Baffling that I didn’t get into it earlier.
From what little I’ve read it takes the personal dilemmas of a character, from family abuse to cancer, before major world events, unlike the 616 run on all things. I look at it as if the main Marvel universe is incorporating in itself too much influence from the real world. Yet ironically it constantly is revolving in loops, always renewing and retconing itself, never quite changing anything, only applying the illusion of change.
On the other hand I only had to look at it once to understand that the 982 universe is the one that evolved, leaving past events and characters in the past, letting them grow old and making way to new ideas that built upon that past. At the same time maintaining that old school style of comic book writing. It is after all, one man’s, a fan’s, own fantasy, as it should be in my opinion. Having too many writers on one subject hurts the premise. Better to have one constant writer for a time, then change him for another when the time comes, not have them active simultaneously.

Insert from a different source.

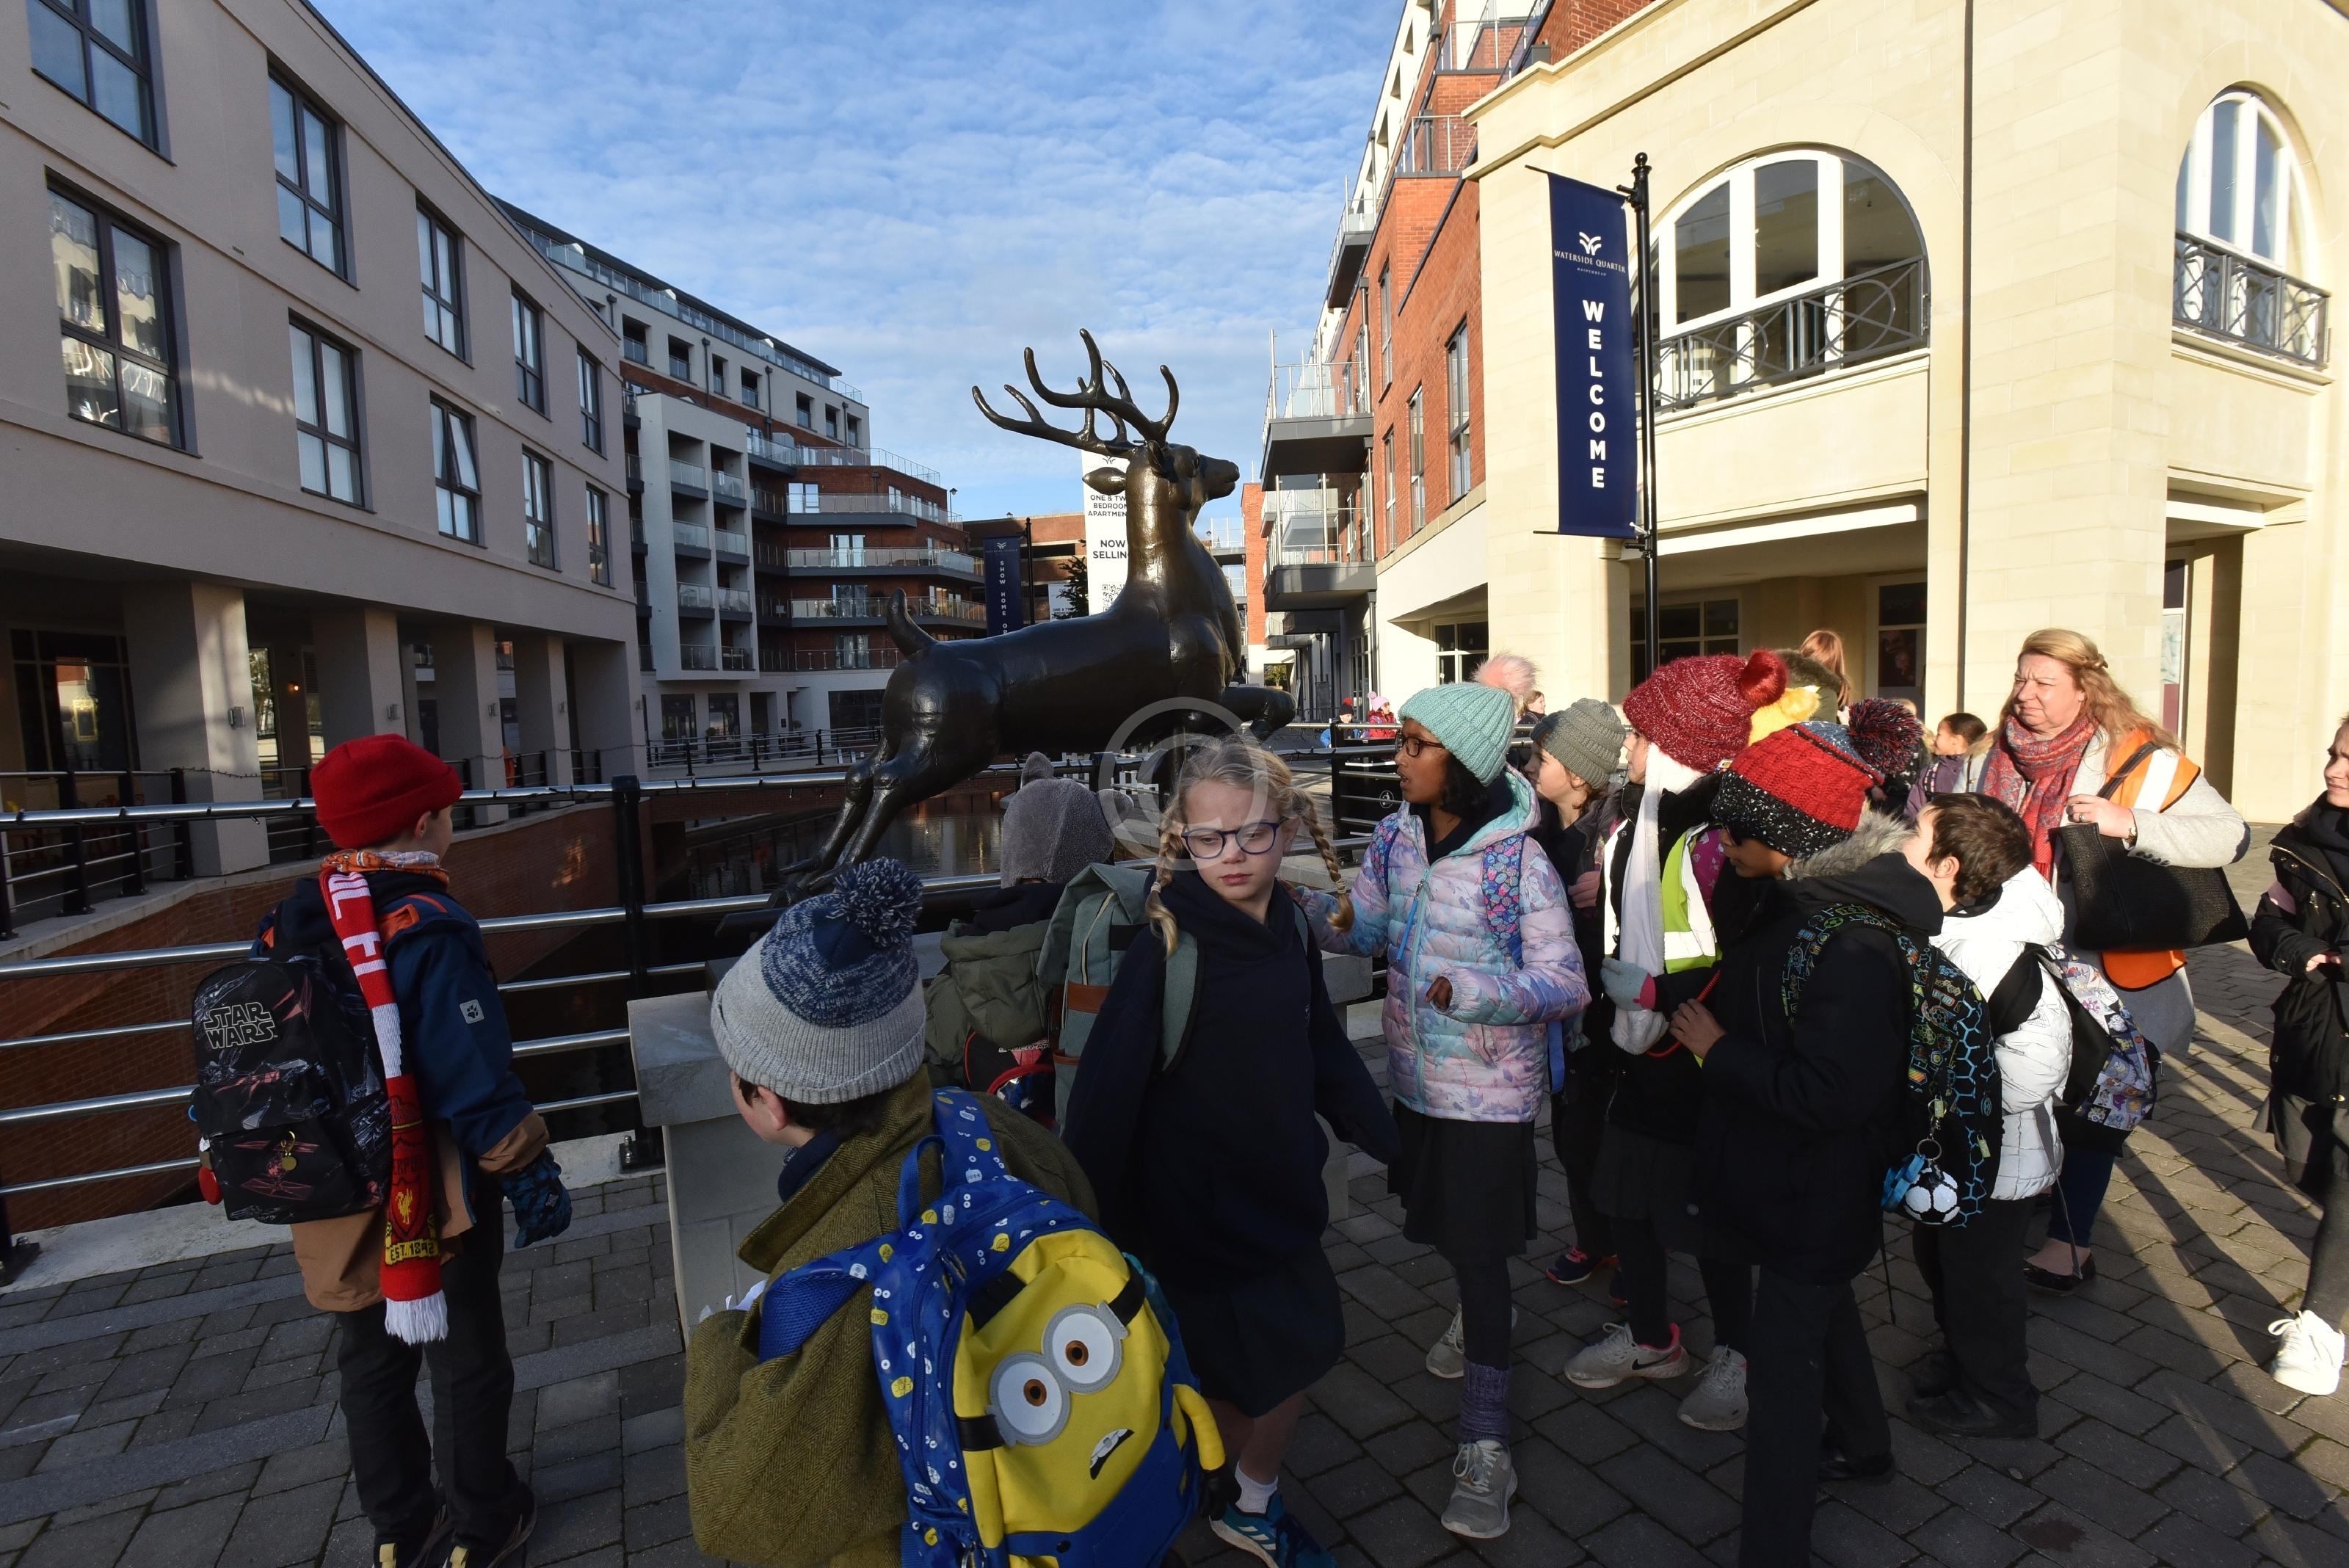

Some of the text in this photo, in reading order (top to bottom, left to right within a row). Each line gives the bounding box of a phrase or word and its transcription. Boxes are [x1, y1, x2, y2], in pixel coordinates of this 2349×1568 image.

Btw, I got to say, Captain America’s death was 100% better in 982 than it was in 616. It was a great death, a hero’s death. The fiction medium can either be realistical, with all the gloom and uncertainties of real life, or it could be entertaining, fun, suspending disbelief. The superhero genre is far from realistical, so why can’t a superhero’s death, or a supervillain’s for that matter, be grand as a rule?
Ok, that was quite the rambling…
Anyways, I look forward to collecting ASG myself, and then eventually I might get some SG digests. We’ll see.